Mimicry.—In view of the fact that insects can be graded in respect of their palatability, the distinction between Mullerian and Batesian mimicry appears difficurt to maintain. A set of animals presenting common warning coloration (Mullerian mimicry) are never equally unpalatable, and therefore it may be said that the relatively palatable of this set are of the nature of Batesian mimics. Although in extreme cases a distinction may be drawn, nevertheless intermediate cases occur which it is impossible to classify in this way. In the study of mimicry many notable advances have been made, chiefly among butterflies. Several insects which were thought to be different species, or varieties, have lately been shown by breeding-experiments to be polymorphic forms: the same species mimicking sometimes one species and sometimes another, both forms being bred from the same mother. Also it has been shown that, in situations where models are scarce, the mimicking species presents transitions between its various polymorphic forms, and this fact is considered to indicate that natural selection is required to maintain a mimicry. At one time it was thought that butterflies had few enemies, and that therefore their remarkable mimicry could bear no relation to natural selection; however, evidence that they are eaten by birds to a considerable extent has been brought forward by several observers.

Sexual Coloration.—Secondary sexual coloration still gives rise to much speculation. The Darwinian view that it represents selection by the female is still held by some observers. Others consider that it serves the purpose of stimulating the sexual instinct of the female; or that it is related to the different habits of the male and female, as, for instance, the incubation of eggs; or that it represents a difference in value to the species between male and female, making the conspicuous but less valuable male more likely to be destroyed by enemies than the inconspicuous and valuable female. These various theories are mentioned to show that no general law to explain these colorations has been accepted. Much valuable field work has been done in which many new facts as regards sexual displays have been collected.

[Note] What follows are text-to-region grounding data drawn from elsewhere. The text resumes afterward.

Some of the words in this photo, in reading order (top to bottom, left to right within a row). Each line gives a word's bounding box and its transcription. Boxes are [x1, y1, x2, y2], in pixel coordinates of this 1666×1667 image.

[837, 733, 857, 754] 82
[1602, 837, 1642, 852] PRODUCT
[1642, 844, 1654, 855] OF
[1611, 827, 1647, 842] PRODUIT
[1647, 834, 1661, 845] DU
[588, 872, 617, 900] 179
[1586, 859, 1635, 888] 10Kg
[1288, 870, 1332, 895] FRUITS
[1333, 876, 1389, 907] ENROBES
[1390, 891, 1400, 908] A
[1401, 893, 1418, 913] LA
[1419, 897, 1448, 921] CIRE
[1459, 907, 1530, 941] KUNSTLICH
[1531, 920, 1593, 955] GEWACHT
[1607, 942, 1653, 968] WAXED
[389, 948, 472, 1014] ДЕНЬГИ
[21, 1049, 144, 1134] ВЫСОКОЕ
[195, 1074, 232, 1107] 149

Chemistry of Animal Colours.—It has been shown that, in the case of the lobster and salmon, the colours which the males assume at the breeding-season are due to the laying down of a coloured waste product in the scales and shell. This waste product is finally got rid of when the scales become worn and the shell cast. In the case of the female the waste product is discharged in quite a different manner; it is deposited in the eggs and disposed of when they are laid. In certain parts of England and Germany, chiefly in the neighbourhood of large towns, many species of moths have developed melanotic forms, or these dark forms have greatly increased in number. Much work has been done in an endeavour to discover the cause of this change, as it was at one time thought to be a case of the acquirement of a dark coloration for concealment against sooty surroundings, and thus to be an example of the rapid action of natural selection. Melanism, however, occurs in other districts, distant from large towns, more particularly near the sea. Recently evidence has been brought forward that this change is due to the particular feeding of the caterpillar; that, in fact, a deposit occurs on the leaves near large towns and near the sea, which causes this change.

Physics of Animal Coloration.—Several eminent physicists have taken an interest in, and attempted to explain on a physical basis, the brilliant metallic and iridescent colours of many insects and birds. Although a physical explanation of the coloration of most objects is available the brilliant colours of these animals remain a mystery. A recent summary by the late Lord Rayleigh in the Philosophical Transactions may be quoted:—“These colours are probably structural rather than pigment, but still much remains to be effected towards a complete demonstration of the origin of these effects. Even if we admit an interference character questions arise as to the particular manner and there are perhaps possibilities not hitherto contemplated.”

It has been suggested that fluorescence plays a part, and to test this insects have recently been examined in a beam of ultraviolet light. It was found that the brilliantly coloured species are not fluorescent. A few Lepidoptera were found to be fluorescent and this character has been found to be of some service in classification, as the property appears to be limited to closely allied species when it occurs in a group.

(J. C. Mo.)